Sitaram Swain's 'Grey Areas': Concrete concerns

In “Grey Areas”, artist Sitaram Swain uses cement to comment on the growing urbanisation

December 28, 2018 03:07 pm | Updated December 29, 2018 04:04 pm IST

Cloud burst: Sitaram Swain transforms household elements to a larger context

Cloud burst: Sitaram Swain transforms household elements to a larger context

A huge eye-like painting, distorted and unaligned on the vertical axis, called the ‘Split Vision' greets you as you walk into Sitaram Swain’s solo show ‘Grey Areas’. The eyeball, also hinting an image of the moon, is painted using cement, which is the basic medium used for painting in the whole project. A little into the exhibition, is placed the show’s centrepiece “Grey Areas”, with clouds painted using cement, depicting the pernicious usage of concrete in our lives, and how it's spreading its legs into all the vacant spaces of the human existence. “The medium cement”, Sitaram explains, “carries the whole narrative of vastly growing urbanisation and usage of concrete in the name of welfare and growth of our society and how it is spreading and blocking our lives in personal and societal conditions.”

Sitaram Swain is an Odisha-based artist known for installation art. He was the winner of the Glenfiddich ‘Emerging Artist of the Year' 2017 from among 810 participants across India and was awarded a three-month residency at the Glenfiddich Distillery in Scotland. ‘Grey Areas' exhibits artworks created during and post the residency.

Describing his stay at the Glenfiddich distillery both amusing and surprising, Sitaram says that the several things that he had to make peace with included how the dark sky of the nights in Scotland, unlike India, stretched only to 2-3 hours, and how the food was without rice. He explains how he combined these two aspects to make a beautiful, sublime visual of the dark night sky filled with sky made of real rice grains – “The Story of Hundred Nights”.

Unconventional ideas

Sitaram is also known for his unconventional ideas and profuse connection with household objects. Owing to the familiarity with these objects for such strong engagement and the reason for using cement as the material for this project, Sitaram explains, “As an artist, my job is to transform such household elements to a larger context, which could be political, universal or sublime. There is great possibility that I always find in these objects to make a dialogue to a larger audience as it connects to everyone because of its universal usage. And cement is a very fundamental material of construction and it carries the whole history and narrative of vastly growing urbanisation. The idea behind choosing cement as a material was, it has a predefined notion of three dimensions, stiffness and solidity but using it as a painterly material gave me a whole range of possibility.”

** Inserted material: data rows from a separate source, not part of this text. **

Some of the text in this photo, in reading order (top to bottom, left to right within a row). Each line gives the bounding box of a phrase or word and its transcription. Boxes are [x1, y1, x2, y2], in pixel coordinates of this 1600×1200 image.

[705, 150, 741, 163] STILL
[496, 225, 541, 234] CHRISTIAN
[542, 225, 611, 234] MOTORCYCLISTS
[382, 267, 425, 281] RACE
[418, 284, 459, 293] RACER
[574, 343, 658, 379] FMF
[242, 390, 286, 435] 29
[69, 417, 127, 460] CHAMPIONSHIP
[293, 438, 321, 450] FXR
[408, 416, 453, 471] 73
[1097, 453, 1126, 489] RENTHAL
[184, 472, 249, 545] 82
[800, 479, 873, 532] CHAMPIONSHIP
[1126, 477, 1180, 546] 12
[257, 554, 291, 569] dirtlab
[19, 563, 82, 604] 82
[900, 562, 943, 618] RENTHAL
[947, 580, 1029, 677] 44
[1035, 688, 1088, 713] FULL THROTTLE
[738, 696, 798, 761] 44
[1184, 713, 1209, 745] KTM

Describing the title of the project, Sitaram says, “What I want to portray is not just the grey appearance of cement or concrete but the deeper meaning of grey which stand here as a metaphor of uncertainty, anxiety and impermanence. This is again quite relevant to the contemporary situation which is opposite to the nature of concrete that is a strong and a permanent material. But, all around us it seems very unstable and impermanent because of continuous construction and deconstruction.”

Painting flowers, insects, clouds or other vibrant elements of nature with cement hints a strong irony. “The idea is to portray all the natural aspects those are slowly disappearing because of vast urbanisation such as sky, clouds, plants, flowers, etc and again painting them with cement, which is a primary and prominent material in the urban surrounding, gives it a layering of satire on the contemporary Indian urbanisation,” sums up Sitaram.

(The show is on at Art District XIII, Lado Sarai till January 5, 2019.)